[SOURCE DATA — start]

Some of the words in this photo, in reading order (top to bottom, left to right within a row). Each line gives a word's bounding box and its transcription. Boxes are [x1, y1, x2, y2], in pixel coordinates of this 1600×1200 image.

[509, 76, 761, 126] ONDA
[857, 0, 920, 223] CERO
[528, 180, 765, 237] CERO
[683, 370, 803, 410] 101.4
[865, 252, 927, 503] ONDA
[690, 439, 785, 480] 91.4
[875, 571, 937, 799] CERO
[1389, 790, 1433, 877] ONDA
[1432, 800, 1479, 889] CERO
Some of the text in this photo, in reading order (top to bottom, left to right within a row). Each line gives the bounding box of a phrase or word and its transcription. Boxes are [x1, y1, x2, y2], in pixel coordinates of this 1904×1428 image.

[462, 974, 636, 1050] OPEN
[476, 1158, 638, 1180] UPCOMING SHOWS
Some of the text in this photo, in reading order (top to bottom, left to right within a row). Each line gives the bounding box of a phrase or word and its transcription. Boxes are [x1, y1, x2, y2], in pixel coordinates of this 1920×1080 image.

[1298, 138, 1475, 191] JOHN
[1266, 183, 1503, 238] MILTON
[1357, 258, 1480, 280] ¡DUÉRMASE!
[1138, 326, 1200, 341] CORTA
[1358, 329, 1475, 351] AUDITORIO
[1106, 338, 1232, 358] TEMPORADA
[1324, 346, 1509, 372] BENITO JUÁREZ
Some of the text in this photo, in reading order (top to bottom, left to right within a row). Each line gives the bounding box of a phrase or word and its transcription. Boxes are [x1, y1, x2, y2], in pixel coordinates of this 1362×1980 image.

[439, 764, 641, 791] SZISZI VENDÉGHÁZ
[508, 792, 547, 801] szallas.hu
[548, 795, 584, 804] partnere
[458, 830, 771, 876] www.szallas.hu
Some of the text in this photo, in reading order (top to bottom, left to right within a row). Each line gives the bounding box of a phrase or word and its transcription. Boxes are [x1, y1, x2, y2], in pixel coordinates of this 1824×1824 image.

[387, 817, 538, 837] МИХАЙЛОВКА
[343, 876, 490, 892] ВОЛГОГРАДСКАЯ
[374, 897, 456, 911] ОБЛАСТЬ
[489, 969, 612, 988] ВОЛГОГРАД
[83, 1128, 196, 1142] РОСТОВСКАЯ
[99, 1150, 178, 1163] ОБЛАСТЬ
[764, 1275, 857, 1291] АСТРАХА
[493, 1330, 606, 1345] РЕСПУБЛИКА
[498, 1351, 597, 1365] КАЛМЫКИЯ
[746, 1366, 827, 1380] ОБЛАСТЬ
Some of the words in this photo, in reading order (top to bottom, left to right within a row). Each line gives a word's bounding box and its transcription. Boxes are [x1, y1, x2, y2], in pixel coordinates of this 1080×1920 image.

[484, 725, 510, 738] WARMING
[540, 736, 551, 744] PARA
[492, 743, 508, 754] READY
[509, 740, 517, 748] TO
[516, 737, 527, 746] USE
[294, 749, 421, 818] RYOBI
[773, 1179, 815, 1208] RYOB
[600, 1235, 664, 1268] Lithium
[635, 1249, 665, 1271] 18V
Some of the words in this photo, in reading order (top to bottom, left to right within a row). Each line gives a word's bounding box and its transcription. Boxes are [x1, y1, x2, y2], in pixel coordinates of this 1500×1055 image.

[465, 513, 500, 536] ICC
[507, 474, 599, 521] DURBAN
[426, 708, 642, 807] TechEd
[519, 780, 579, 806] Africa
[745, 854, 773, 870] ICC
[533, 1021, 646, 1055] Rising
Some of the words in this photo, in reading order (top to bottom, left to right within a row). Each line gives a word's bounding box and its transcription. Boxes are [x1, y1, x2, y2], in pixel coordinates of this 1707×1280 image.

[SOURCE DATA — finish]

> **EXERCISE BRIEF**: Your reply should consist of all the records, restated exactly.

> **ANSWER FOR THE TASK**:
Some of the words in this photo, in reading order (top to bottom, left to right within a row). Each line gives a word's bounding box and its transcription. Boxes are [x1, y1, x2, y2], in pixel coordinates of this 1600×1200 image.

[509, 76, 761, 126] ONDA
[857, 0, 920, 223] CERO
[528, 180, 765, 237] CERO
[683, 370, 803, 410] 101.4
[865, 252, 927, 503] ONDA
[690, 439, 785, 480] 91.4
[875, 571, 937, 799] CERO
[1389, 790, 1433, 877] ONDA
[1432, 800, 1479, 889] CERO
Some of the text in this photo, in reading order (top to bottom, left to right within a row). Each line gives the bounding box of a phrase or word and its transcription. Boxes are [x1, y1, x2, y2], in pixel coordinates of this 1904×1428 image.

[462, 974, 636, 1050] OPEN
[476, 1158, 638, 1180] UPCOMING SHOWS
Some of the text in this photo, in reading order (top to bottom, left to right within a row). Each line gives the bounding box of a phrase or word and its transcription. Boxes are [x1, y1, x2, y2], in pixel coordinates of this 1920×1080 image.

[1298, 138, 1475, 191] JOHN
[1266, 183, 1503, 238] MILTON
[1357, 258, 1480, 280] ¡DUÉRMASE!
[1138, 326, 1200, 341] CORTA
[1358, 329, 1475, 351] AUDITORIO
[1106, 338, 1232, 358] TEMPORADA
[1324, 346, 1509, 372] BENITO JUÁREZ
Some of the text in this photo, in reading order (top to bottom, left to right within a row). Each line gives the bounding box of a phrase or word and its transcription. Boxes are [x1, y1, x2, y2], in pixel coordinates of this 1362×1980 image.

[439, 764, 641, 791] SZISZI VENDÉGHÁZ
[508, 792, 547, 801] szallas.hu
[548, 795, 584, 804] partnere
[458, 830, 771, 876] www.szallas.hu
Some of the text in this photo, in reading order (top to bottom, left to right within a row). Each line gives the bounding box of a phrase or word and its transcription. Boxes are [x1, y1, x2, y2], in pixel coordinates of this 1824×1824 image.

[387, 817, 538, 837] МИХАЙЛОВКА
[343, 876, 490, 892] ВОЛГОГРАДСКАЯ
[374, 897, 456, 911] ОБЛАСТЬ
[489, 969, 612, 988] ВОЛГОГРАД
[83, 1128, 196, 1142] РОСТОВСКАЯ
[99, 1150, 178, 1163] ОБЛАСТЬ
[764, 1275, 857, 1291] АСТРАХА
[493, 1330, 606, 1345] РЕСПУБЛИКА
[498, 1351, 597, 1365] КАЛМЫКИЯ
[746, 1366, 827, 1380] ОБЛАСТЬ
Some of the words in this photo, in reading order (top to bottom, left to right within a row). Each line gives a word's bounding box and its transcription. Boxes are [x1, y1, x2, y2], in pixel coordinates of this 1080×1920 image.

[484, 725, 510, 738] WARMING
[540, 736, 551, 744] PARA
[492, 743, 508, 754] READY
[509, 740, 517, 748] TO
[516, 737, 527, 746] USE
[294, 749, 421, 818] RYOBI
[773, 1179, 815, 1208] RYOB
[600, 1235, 664, 1268] Lithium
[635, 1249, 665, 1271] 18V
Some of the words in this photo, in reading order (top to bottom, left to right within a row). Each line gives a word's bounding box and its transcription. Boxes are [x1, y1, x2, y2], in pixel coordinates of this 1500×1055 image.

[465, 513, 500, 536] ICC
[507, 474, 599, 521] DURBAN
[426, 708, 642, 807] TechEd
[519, 780, 579, 806] Africa
[745, 854, 773, 870] ICC
[533, 1021, 646, 1055] Rising
Some of the words in this photo, in reading order (top to bottom, left to right within a row). Each line gives a word's bounding box and its transcription. Boxes are [x1, y1, x2, y2], in pixel coordinates of this 1707×1280 image.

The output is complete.